Here’s where we get to Hola’s biggest problem.
Simply using this service is a security risk – especially for free users.
Remember how Hola’s bread and butter is utilizing idle resources? Well, it includes yours, too.
You may not give it much thought while signing up for the free version, but you’re actually sharing your own bandwidth when using Hola.
Now think about this – someone launches Hola, gets your shared resources, and proceeds to do something illegal. Guess which connection will show up during the following investigation?
Yep. When using Hola, you can actually be complicit in all sorts of cybercrimes without even knowing it.
Actually, you don’t even need to imagine such a scenario, because it’s already happened.
Hola has a history of abusing its free users and sharing their bandwidth with the paid Luminati proxy service (also owned by Hola Networks). These users were essentially treated as a massive botnet, while Hola (the company) was selling them off to Luminati subscribers and making crazy money.
Hola got caught eventually, but not before a Luminati user took advantage and launched a botnet attack on 8chan, a popular online imageboard.
The worst part? Not much has changed since these events – Hola is still being used for easy botnets, DDoS attacks, and much more. And most users don’t suspect a thing.
Privacy — Strong No-Logs Policy
If you want to keep things private, you don’t want your VPN to collect any logs. Period.

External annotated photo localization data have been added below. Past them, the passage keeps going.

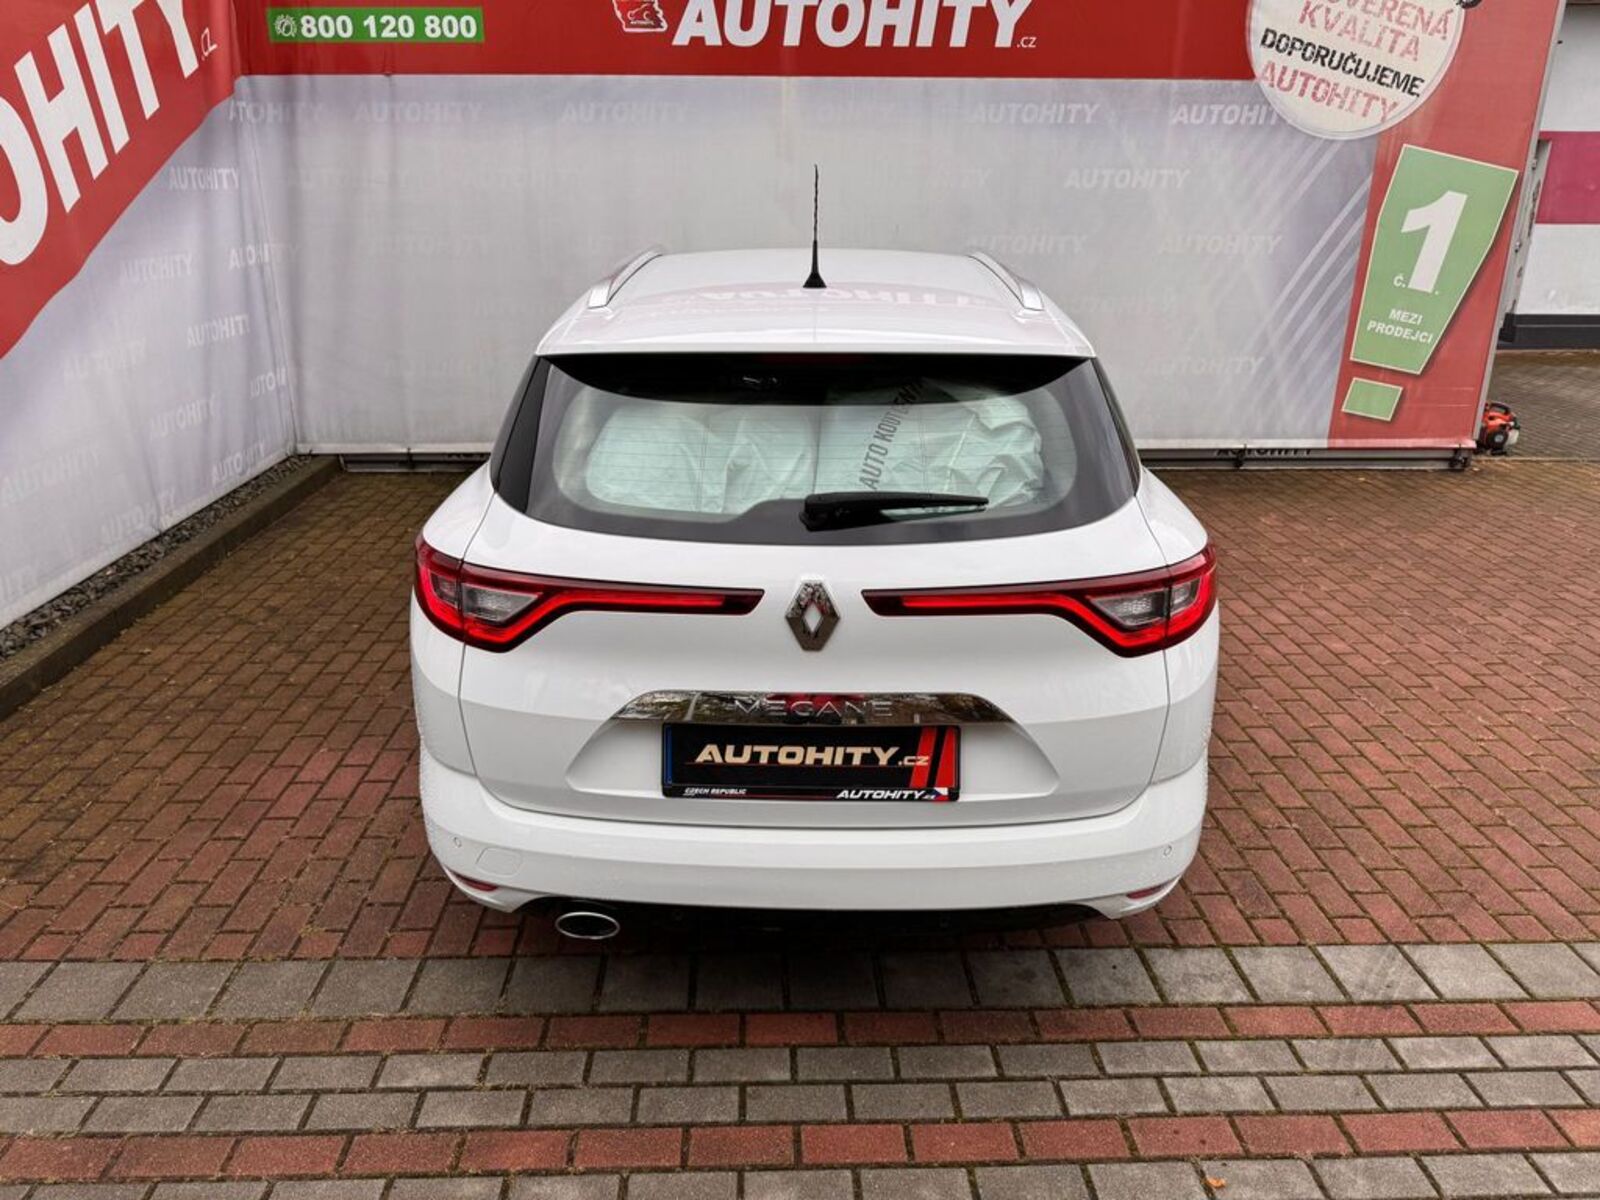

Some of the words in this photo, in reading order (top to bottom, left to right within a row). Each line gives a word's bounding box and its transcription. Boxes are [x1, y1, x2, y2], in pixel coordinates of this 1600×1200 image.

[301, 15, 353, 38] 800
[363, 15, 415, 38] 120
[424, 15, 477, 38] 800
[1299, 1, 1420, 62] KVALITA
[1260, 27, 1425, 98] DOPORUČUJEME
[1262, 60, 1400, 124] AUTOHITY
[353, 101, 484, 124] AUTOHITY
[561, 101, 691, 124] AUTOHITY
[972, 103, 1101, 125] AUTOHITY
[168, 167, 240, 190] AUTOHITY
[1064, 168, 1191, 190] AUTOHITY
[1158, 234, 1283, 256] AUTOHITY
[120, 252, 195, 285] AUTOHITY
[1389, 308, 1423, 326] MEZI
[1366, 319, 1434, 344] PRODEJCI
[859, 443, 888, 490] AUTO
[734, 699, 893, 718] MEGANE

For starters, the service logs pretty much everything related to connections and bandwidth.
IP addresses, connection timestamps, billing info – the list goes on. At this point, it’s better to ask what Hola doesn’t log.
Oh, and if you think this data will be safely kept and used only by Hola, you’re mistaken.
Another problem for the privacy-conscious is the jurisdiction Hola falls under.
While it’s true Israel isn’t part of the Fourteen Eyes surveillance alliance, the country has been known to cooperate with it in the past.
The Fourteen Eyes (United States, United Kingdom, Canada, France, Germany, Italy, Netherlands, Belgium, Spain, Denmark, Norway, Sweden, Australia, and New Zealand) work together to share any espionage info they have with each other. With multiple other countries as their “partners,” it’s basically one big spy network.
In short, if the Israeli government is asked to hand over sensitive user data from Hola to the Fourteen Eyes, it will happen. And since Hola logs a whole lot of data, your privacy will take a big hit. In contrast, services like IPVanish or ExpressVPN keep strict no-logs policies.
Hola’s free version doesn’t have any license requirements. You can install it separately on as many devices as you want.
The Plus package comes with 10 simultaneous connections, so you aren’t limited to just your computer or phone.
Device Compatibility — Great Variety
Hola works on a variety of platforms. In addition to the major desktop and mobile systems, it also offers browser extensions and instructions for routers, consoles, and more.
However, these instructions seem to be the same for all “advanced” platforms and don’t have much depth to them.